Jack up the car to a good working height. Make this as
comfortable as you can! Begin by removing the wheels and then disconnecting the
lower control arm (LCA) from the spindle. To do this remove the cotter pin and
then the nut from the LCA ball joint. Install the nut upside down and smack it
with a hammer. The ball joint should easily pop loose. Use the same technique
to remove the tie rods from the spindles as well.
Disconnect the sway bar from the LCA by removing the
sway bar nut. If the cross member is going to be left on the car go ahead and
remove the sway bar by removing the 4 bolts that hold the sway bar bushings to
the subframe and remove the sway bar. Next remove the LCA pivot bolts and then
remove the LCA.
Clean the cross member where the eccentric will be
mounted.
If you decide to remove the cross member (recommended)
start by removing the nuts on the bottom of the motor mounts. Disconnect the
power steering pressure and return hoses. I usually stick the end of the
pressure hose in the end of the return hose to keep fluid from leaking out.
Next disconnect the pinch bolt holding the steering shaft coupler to the
steering rack. Once all this is done place a jack under the oil pan and then
remove the 4 bolts holding the cross member to the body and drop the cross
member. All this sounds harder than it really is. With the cross member removed
you can clean everything up and do a nice job.
Rear
Side Plate Installation
On the rear side of the cross member draw a line through
the center of the LCA mounting hole going inward. Measuring from the edge of
the hole make a punch mark ¼” inboard torward the rolled up edge. With the hole
location center punched drill the hole to 13/32 (.406”) diameter. See the
pictures below for more detail.

LCA CENTER LINE WITH
PUNCH MARK .406 HOLE DRILLED
INBOARD OF LCA HOLE
Once the 13/32 hole is drilled remove the material
between the holes with a rat tail file or die grinder. Take your time and do it
neatly. The results should be as pictured below.

REAR LCA BOLT SLOT REAR ECCENTRIC
(LEFT), FRONT ECCENTRIC
With the slot made and deburred place the eccentric with
the radiused edge over the hole and up against the rolled up edge of the
subframe doubler. The rotation position of the eccentric does not matter as it
is being used as a spacer for the side plate. Place one of the angle cut side
plates next to the eccentric and position so the eccentric will rotate smoothly
but with no binding.
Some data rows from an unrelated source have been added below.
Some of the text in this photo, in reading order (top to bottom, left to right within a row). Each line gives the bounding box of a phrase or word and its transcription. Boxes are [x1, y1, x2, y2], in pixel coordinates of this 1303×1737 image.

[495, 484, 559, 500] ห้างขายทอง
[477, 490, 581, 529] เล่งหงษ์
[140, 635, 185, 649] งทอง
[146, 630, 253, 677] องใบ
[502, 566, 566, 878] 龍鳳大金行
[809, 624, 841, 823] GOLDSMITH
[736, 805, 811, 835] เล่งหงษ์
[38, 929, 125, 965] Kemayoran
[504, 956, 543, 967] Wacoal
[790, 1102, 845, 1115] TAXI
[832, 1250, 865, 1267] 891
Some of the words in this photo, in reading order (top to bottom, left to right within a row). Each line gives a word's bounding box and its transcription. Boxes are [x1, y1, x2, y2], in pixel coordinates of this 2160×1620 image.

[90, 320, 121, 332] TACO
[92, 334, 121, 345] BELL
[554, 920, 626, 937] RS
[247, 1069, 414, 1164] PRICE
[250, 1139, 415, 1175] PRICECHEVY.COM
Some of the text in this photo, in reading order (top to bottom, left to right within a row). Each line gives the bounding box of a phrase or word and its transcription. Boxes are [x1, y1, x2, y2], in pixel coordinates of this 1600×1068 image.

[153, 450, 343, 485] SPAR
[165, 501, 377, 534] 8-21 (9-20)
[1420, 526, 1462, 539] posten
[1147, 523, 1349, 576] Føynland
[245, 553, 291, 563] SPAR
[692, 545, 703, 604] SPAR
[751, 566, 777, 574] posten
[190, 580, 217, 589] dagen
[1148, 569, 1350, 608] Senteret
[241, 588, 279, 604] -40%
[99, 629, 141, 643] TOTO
Note that the bottom edge of the angle plate is flush with
the bottom edge of the doubler on the cross member. Clamp the side plate to the
cross member and match drill the holes from the side plate to the cross member.
I recommend drilling and de-burring one hole, installing the ¼” button head
screws and nuts, and checking the fit of the side plate to the eccentric. Once
satisfied drill the remaining hole.

SIDE
PLATE PLACEMENT SIDE PLATE MOUNTING HOLES
Deburr all holes and install the side plate using the button
head screws. The lock nuts are placed pointing rearward.

REAR SIDE PLATE INSTALLED
Front
Side Plate Installation
On the front side of the cross member draw a line
through the center of the LCA mounting hole going inward. Measuring from the
edge of the hole make a punch mark ¼” inboard. With the hole location center
punched drill the hole to 13/32 (.406”) diameter. See the pictures below for
more detail.

FRONT INBOARD HOLE LOCATION FRONT INBOARD HOLE DRILLED
Once the 13/32 hole is drilled remove the material
between the holes with a rat tail file or die grinder. Take your time and do it
neatly. The results should be as pictured below.

FRONT LCA BOLT SLOT FRONT
SIDE PLATE PLACEMENT
With the slot made and deburred place the front eccentric
(with the square edge) over the hole with the round body of the eccentric
pointing outward. Place one of the angle
cut side plates next to the outboard side of the eccentric. Position one of the
rectangular side plates next to the inboard side of the eccentric. Note that
the bottom edge of the side plates are flush with the bottom edge of the
doubler on the cross member Position both so the eccentric will rotate smoothly
but with no binding. Clamp the side plates to the cross member and match drill
the holes from the side plate to the cross member. I recommend drilling and
de-burring one hole, installing the ¼” button head screws and nuts, and
checking the fit of the side plate to the eccentric. Once satisfied drill the
remaining hole. Complete one side plate and then the do the other checking the
eccentric rotation making sure it is neither to loose or to tight.
Deburr all holes and install the side plates using the
button head screws. The lock nuts are placed pointing forward. Prior to
installation paint the side plates and the edge of the LCA slot to prevent
rusting.

FRONT
SIDE PLATES INSTALLED
LOWER CONTROL ARM (LCA)
BUSHING MODIFICATION
Important!
Do not omit this step. Failure to do so could result in damage to the LCA slot
and provide insufficient load capacity of the eccentric assembly!
To provide for proper bearing contact of the LCA bushing
center tube with the cross member it is necessary to modify the LCA bushing.
Before doing this modification make sure the bushing is not worn out. A worn
out condition is indicated by the center tube being pushed inboard. This
happens due to the pressure of the sway bar trying to force the LCA outward. If
you have not done so now is a good time to replace the LCA bushing. I recommend
using Group N or polyurethane bushings. If you have polyurethane bushings
contact me for modification details.
Using a grinder or file remove .100” from each end of
the center tube. This is done to allow room for the hardened flat washers. If
group N or new bushings are used you can use a hack saw and file to shorten the
tube. If the bushings are used you will probably need a grinder or sander. The
length of the center tube is 2”. When the modification is complete the length
of the tube and the two washers should be 1.8”. When grinding the tube down on
used bushings you will probably remove some of the side of the bushing as well.
This is OK but also an indication that the bushing needs to be replaced.
On polyurethane bushings I machine a counterbore on the
end of the bushing to make room for the washer and shorten the center tube.
Again, please contact me about this modification if needed.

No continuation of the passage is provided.